--- REQUIRED ACTION ---
Every record must be copied exactly, except that pictures are dropped.

* * *

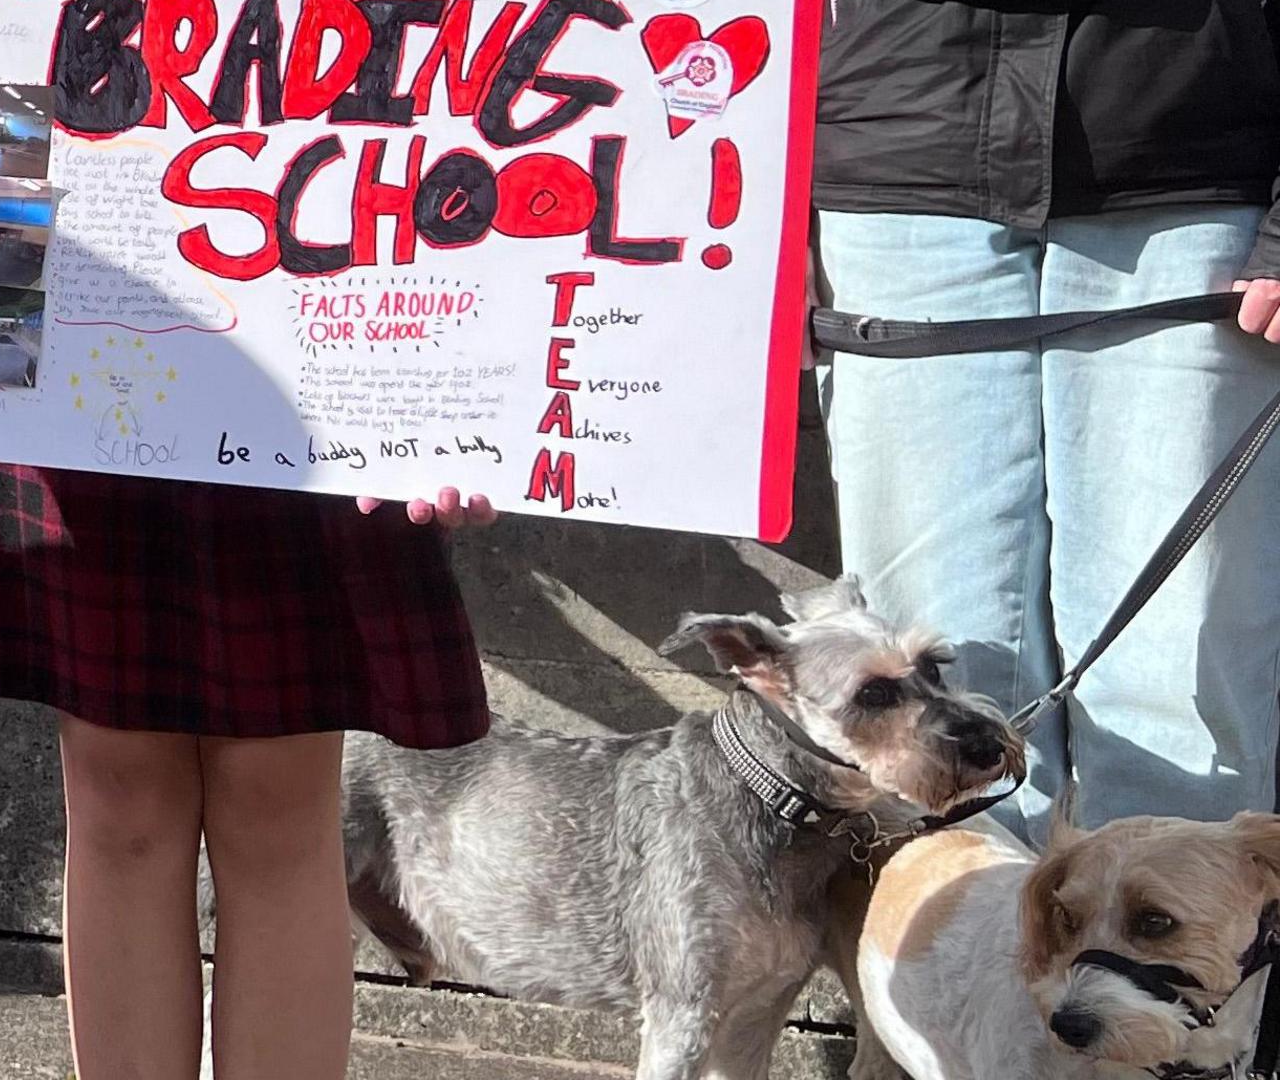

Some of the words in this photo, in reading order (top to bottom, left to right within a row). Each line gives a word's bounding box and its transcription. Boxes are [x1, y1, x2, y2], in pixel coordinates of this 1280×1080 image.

[300, 293, 367, 319] FACTS
[375, 291, 475, 319] AROUND
[545, 271, 644, 334] Together
[308, 321, 355, 343] OUR
[364, 319, 431, 342] SCHOOL
[545, 336, 663, 401] Everyone
[217, 431, 252, 466] be
[274, 451, 296, 468] a
[307, 434, 367, 470] buddy
[379, 437, 420, 459] NOT
[434, 446, 451, 457] a
[455, 433, 504, 464] bully
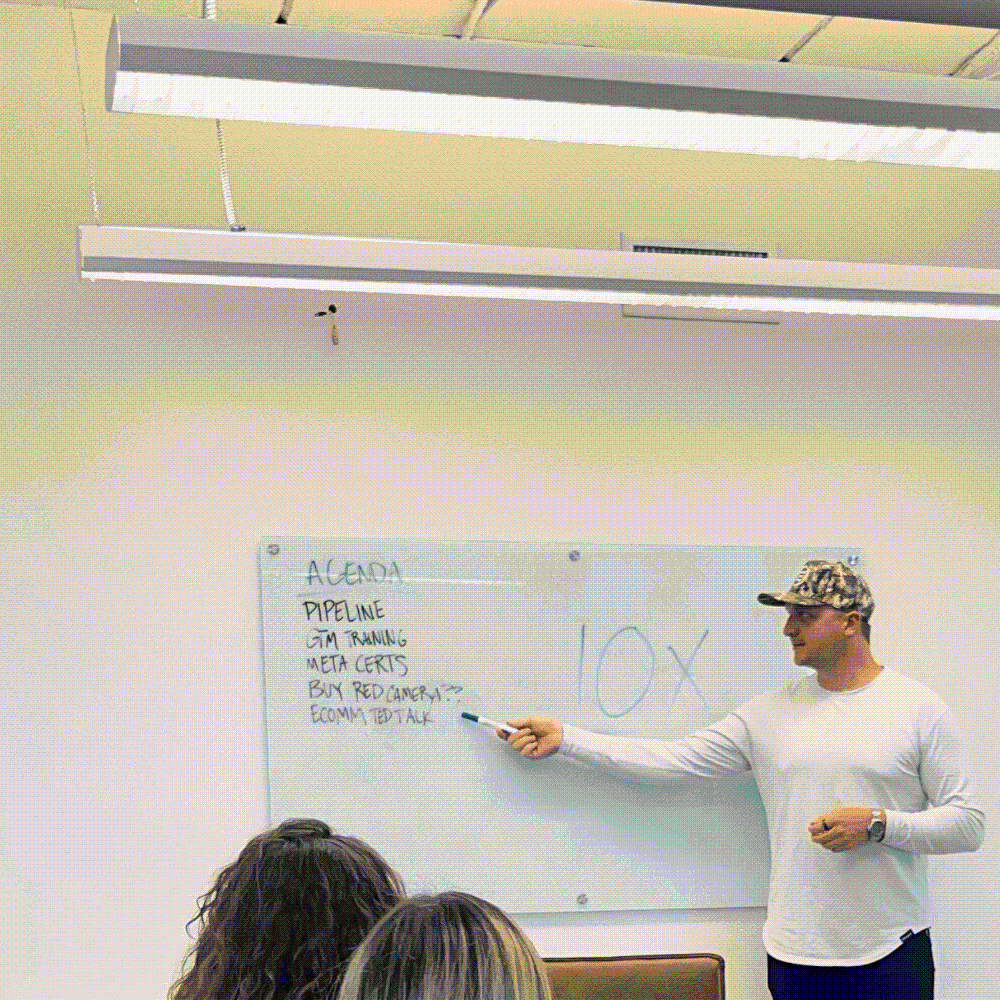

* * *

--- EXERCISE ANSWER ---
Some of the words in this photo, in reading order (top to bottom, left to right within a row). Each line gives a word's bounding box and its transcription. Boxes are [x1, y1, x2, y2], in pixel coordinates of this 1280×1080 image.

[300, 293, 367, 319] FACTS
[375, 291, 475, 319] AROUND
[545, 271, 644, 334] Together
[308, 321, 355, 343] OUR
[364, 319, 431, 342] SCHOOL
[545, 336, 663, 401] Everyone
[217, 431, 252, 466] be
[274, 451, 296, 468] a
[307, 434, 367, 470] buddy
[379, 437, 420, 459] NOT
[434, 446, 451, 457] a
[455, 433, 504, 464] bully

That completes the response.